**Task material:**
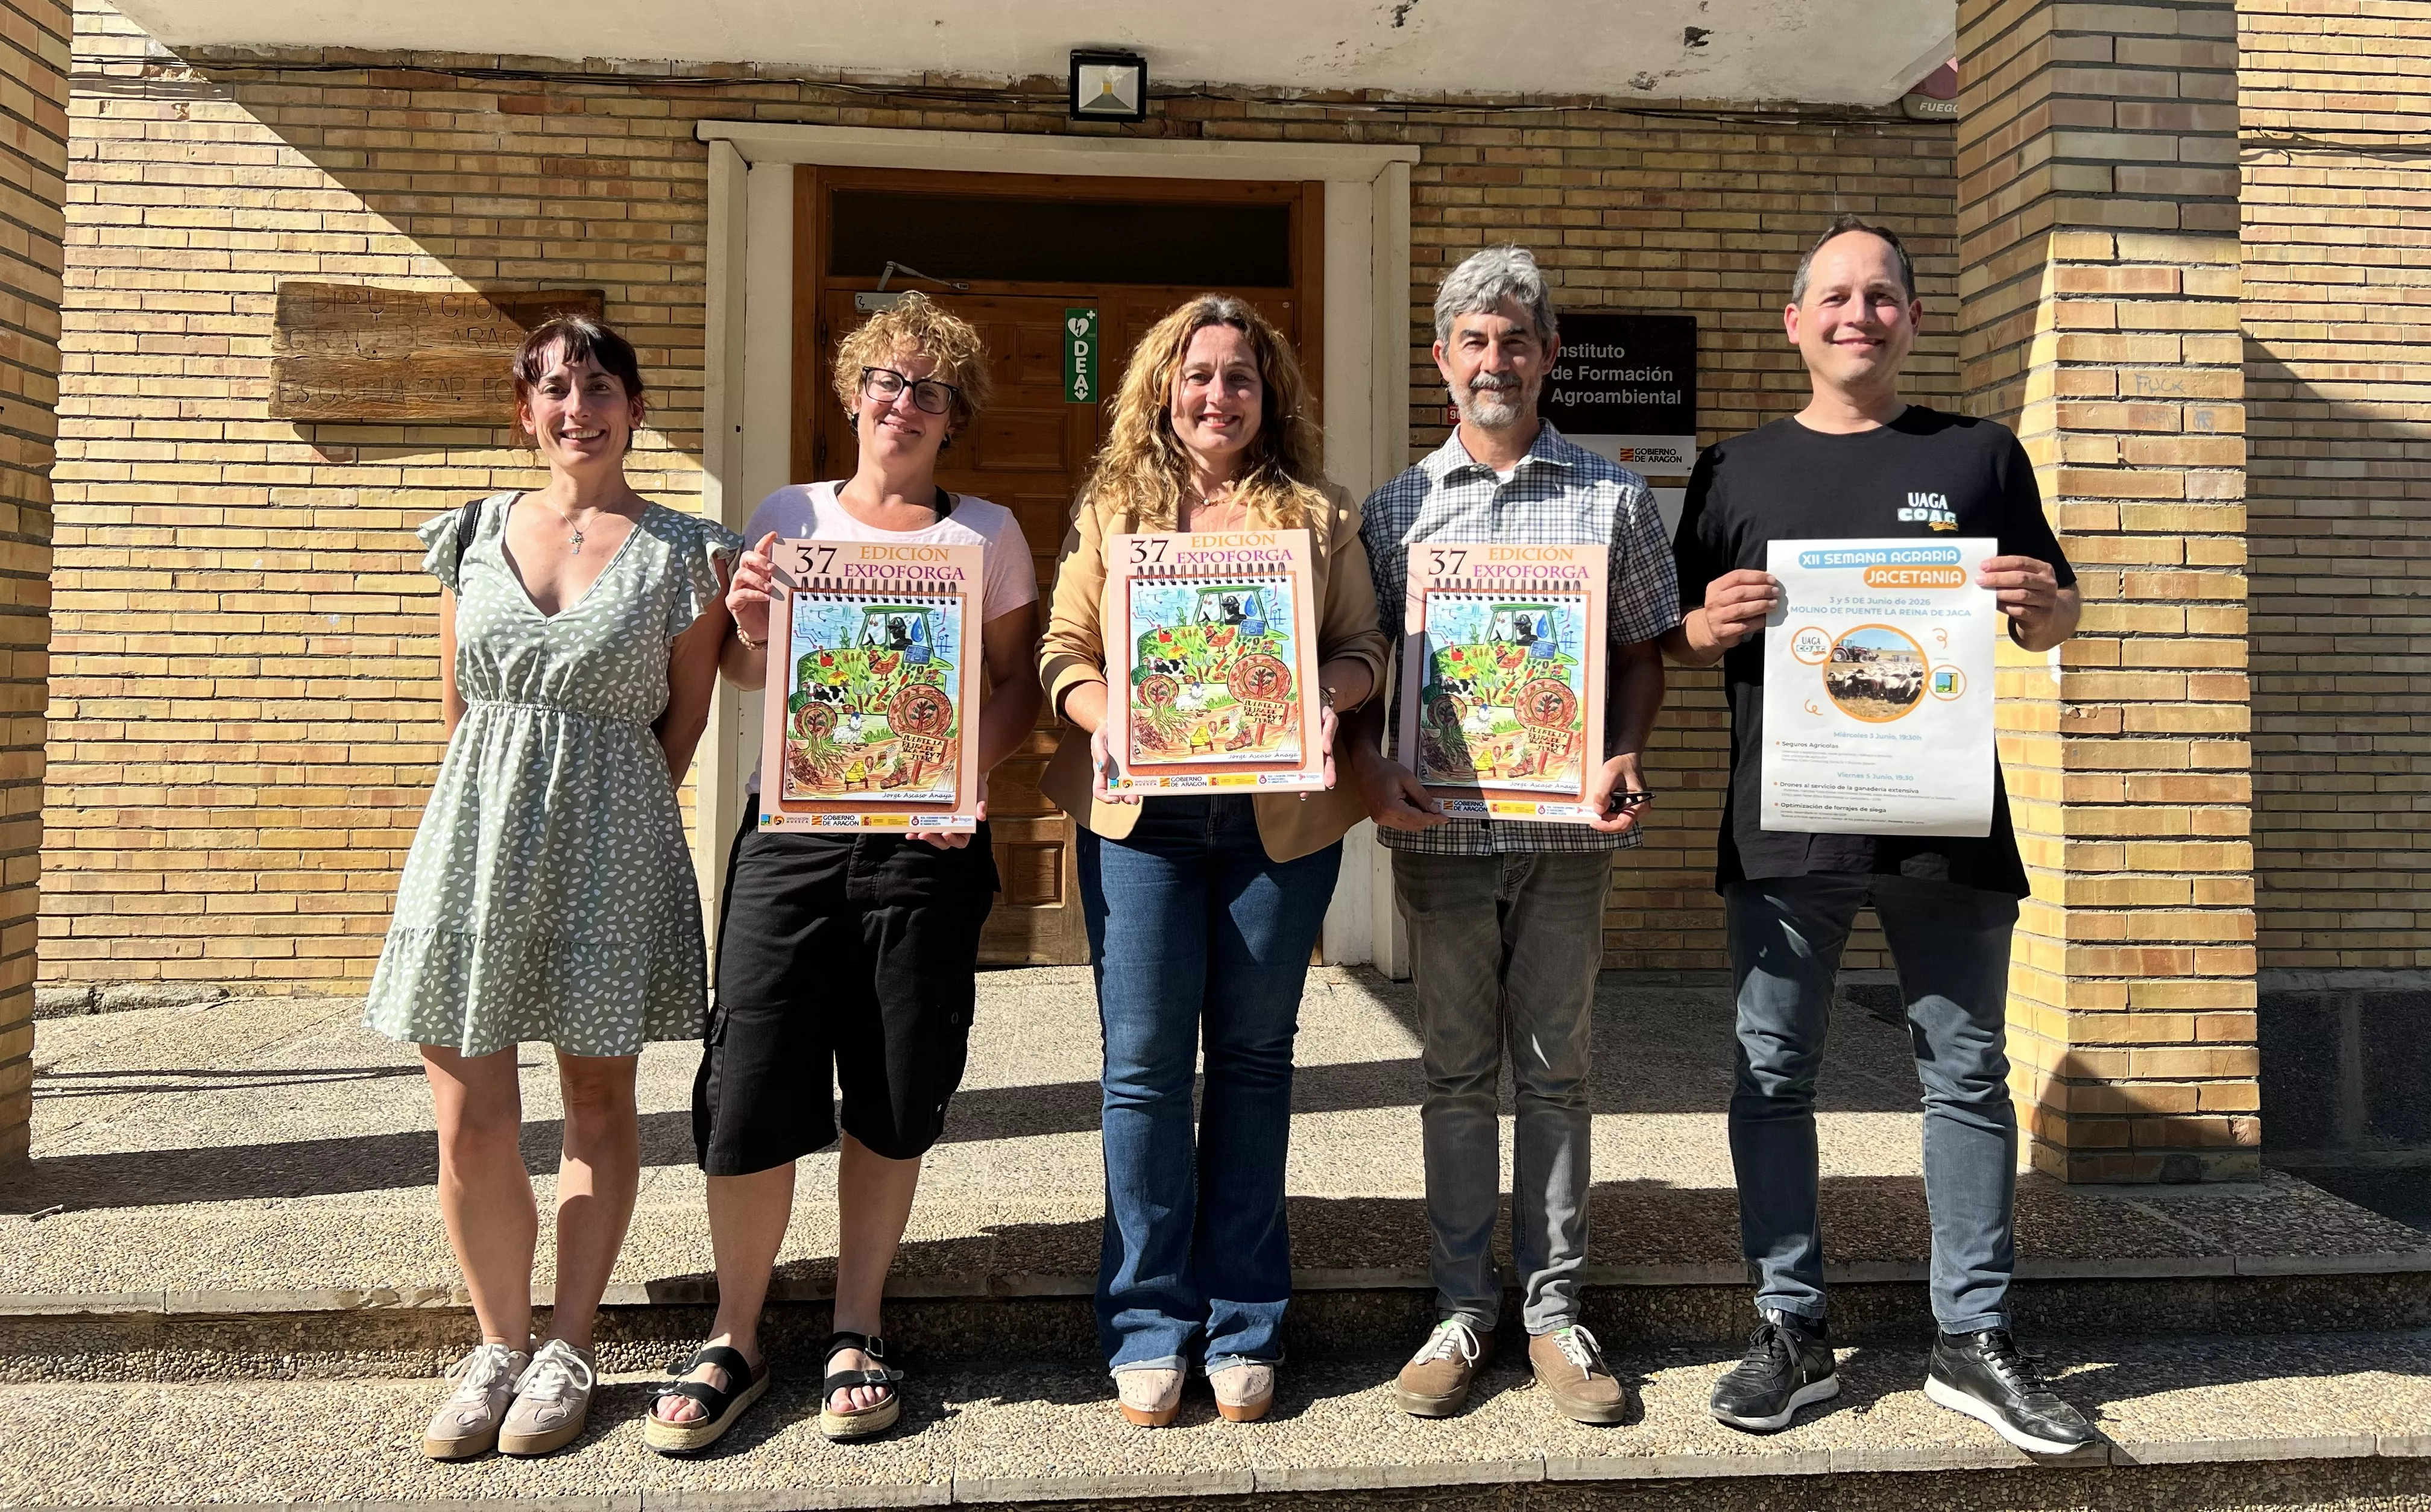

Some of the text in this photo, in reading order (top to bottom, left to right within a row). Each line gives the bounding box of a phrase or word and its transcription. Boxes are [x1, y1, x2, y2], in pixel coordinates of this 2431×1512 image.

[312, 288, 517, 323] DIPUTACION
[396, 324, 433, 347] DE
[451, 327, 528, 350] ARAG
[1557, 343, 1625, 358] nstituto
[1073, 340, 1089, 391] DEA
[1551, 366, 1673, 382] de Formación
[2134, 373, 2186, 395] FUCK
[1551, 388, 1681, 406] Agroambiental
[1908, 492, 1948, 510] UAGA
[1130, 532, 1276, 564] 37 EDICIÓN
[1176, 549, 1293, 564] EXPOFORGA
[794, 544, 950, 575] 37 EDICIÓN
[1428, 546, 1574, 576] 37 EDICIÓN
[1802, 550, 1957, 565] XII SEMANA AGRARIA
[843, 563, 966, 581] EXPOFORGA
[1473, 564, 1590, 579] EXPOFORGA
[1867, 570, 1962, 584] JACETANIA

**Exercise goal:** Repeat the listing above verbatim, but exclude the pictures it contains.

**Reply:**
Some of the text in this photo, in reading order (top to bottom, left to right within a row). Each line gives the bounding box of a phrase or word and its transcription. Boxes are [x1, y1, x2, y2], in pixel coordinates of this 2431×1512 image.

[312, 288, 517, 323] DIPUTACION
[396, 324, 433, 347] DE
[451, 327, 528, 350] ARAG
[1557, 343, 1625, 358] nstituto
[1073, 340, 1089, 391] DEA
[1551, 366, 1673, 382] de Formación
[2134, 373, 2186, 395] FUCK
[1551, 388, 1681, 406] Agroambiental
[1908, 492, 1948, 510] UAGA
[1130, 532, 1276, 564] 37 EDICIÓN
[1176, 549, 1293, 564] EXPOFORGA
[794, 544, 950, 575] 37 EDICIÓN
[1428, 546, 1574, 576] 37 EDICIÓN
[1802, 550, 1957, 565] XII SEMANA AGRARIA
[843, 563, 966, 581] EXPOFORGA
[1473, 564, 1590, 579] EXPOFORGA
[1867, 570, 1962, 584] JACETANIA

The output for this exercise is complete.